Instructions for the task: Exact transcript, pictures excluded: write out every record below.

Extracted records:
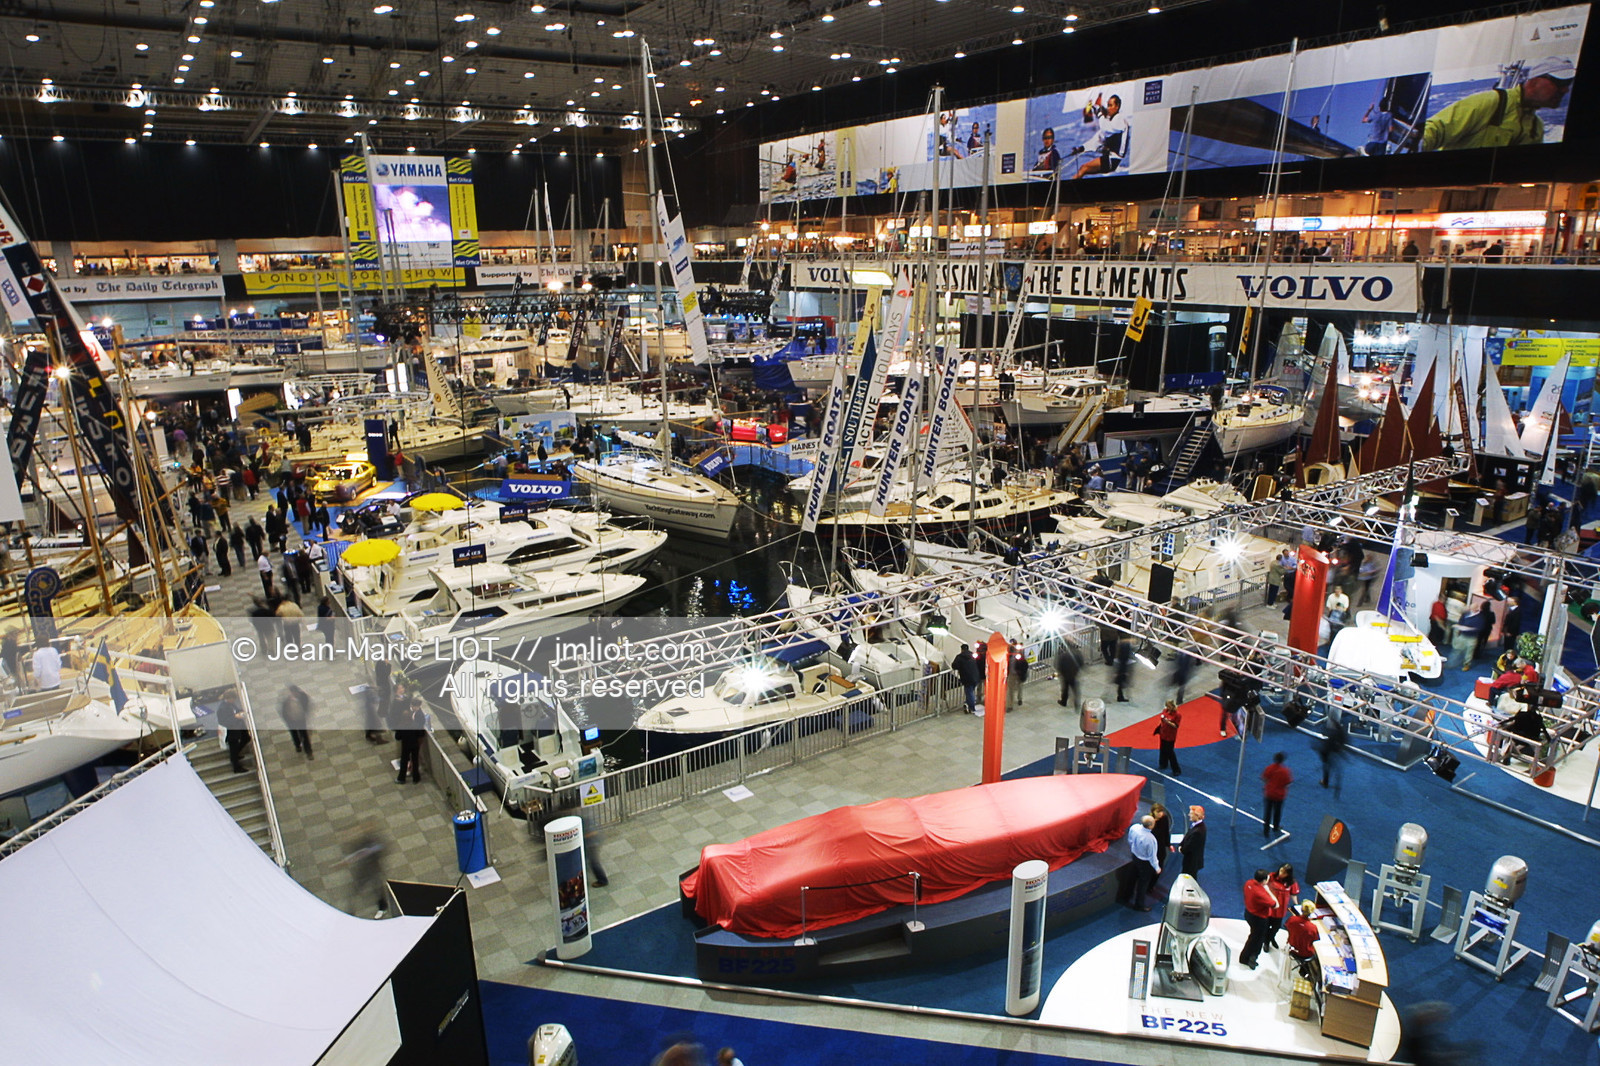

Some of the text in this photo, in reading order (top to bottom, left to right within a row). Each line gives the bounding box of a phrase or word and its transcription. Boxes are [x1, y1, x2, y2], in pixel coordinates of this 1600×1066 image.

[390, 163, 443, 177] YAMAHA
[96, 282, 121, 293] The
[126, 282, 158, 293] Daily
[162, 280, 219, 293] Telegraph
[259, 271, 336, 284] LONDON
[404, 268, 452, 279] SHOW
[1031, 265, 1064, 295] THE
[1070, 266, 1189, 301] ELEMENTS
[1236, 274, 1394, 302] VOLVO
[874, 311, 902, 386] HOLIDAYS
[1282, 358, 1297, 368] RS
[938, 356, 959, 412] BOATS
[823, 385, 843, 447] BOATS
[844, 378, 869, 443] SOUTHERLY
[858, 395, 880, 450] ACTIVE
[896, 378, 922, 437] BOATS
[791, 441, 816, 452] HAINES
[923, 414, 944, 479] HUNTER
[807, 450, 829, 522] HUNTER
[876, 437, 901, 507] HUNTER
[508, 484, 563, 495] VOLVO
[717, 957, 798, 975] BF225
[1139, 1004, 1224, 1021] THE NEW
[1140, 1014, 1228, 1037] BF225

Task output:
Some of the text in this photo, in reading order (top to bottom, left to right within a row). Each line gives the bounding box of a phrase or word and its transcription. Boxes are [x1, y1, x2, y2], in pixel coordinates of this 1600×1066 image.

[390, 163, 443, 177] YAMAHA
[96, 282, 121, 293] The
[126, 282, 158, 293] Daily
[162, 280, 219, 293] Telegraph
[259, 271, 336, 284] LONDON
[404, 268, 452, 279] SHOW
[1031, 265, 1064, 295] THE
[1070, 266, 1189, 301] ELEMENTS
[1236, 274, 1394, 302] VOLVO
[874, 311, 902, 386] HOLIDAYS
[1282, 358, 1297, 368] RS
[938, 356, 959, 412] BOATS
[823, 385, 843, 447] BOATS
[844, 378, 869, 443] SOUTHERLY
[858, 395, 880, 450] ACTIVE
[896, 378, 922, 437] BOATS
[791, 441, 816, 452] HAINES
[923, 414, 944, 479] HUNTER
[807, 450, 829, 522] HUNTER
[876, 437, 901, 507] HUNTER
[508, 484, 563, 495] VOLVO
[717, 957, 798, 975] BF225
[1139, 1004, 1224, 1021] THE NEW
[1140, 1014, 1228, 1037] BF225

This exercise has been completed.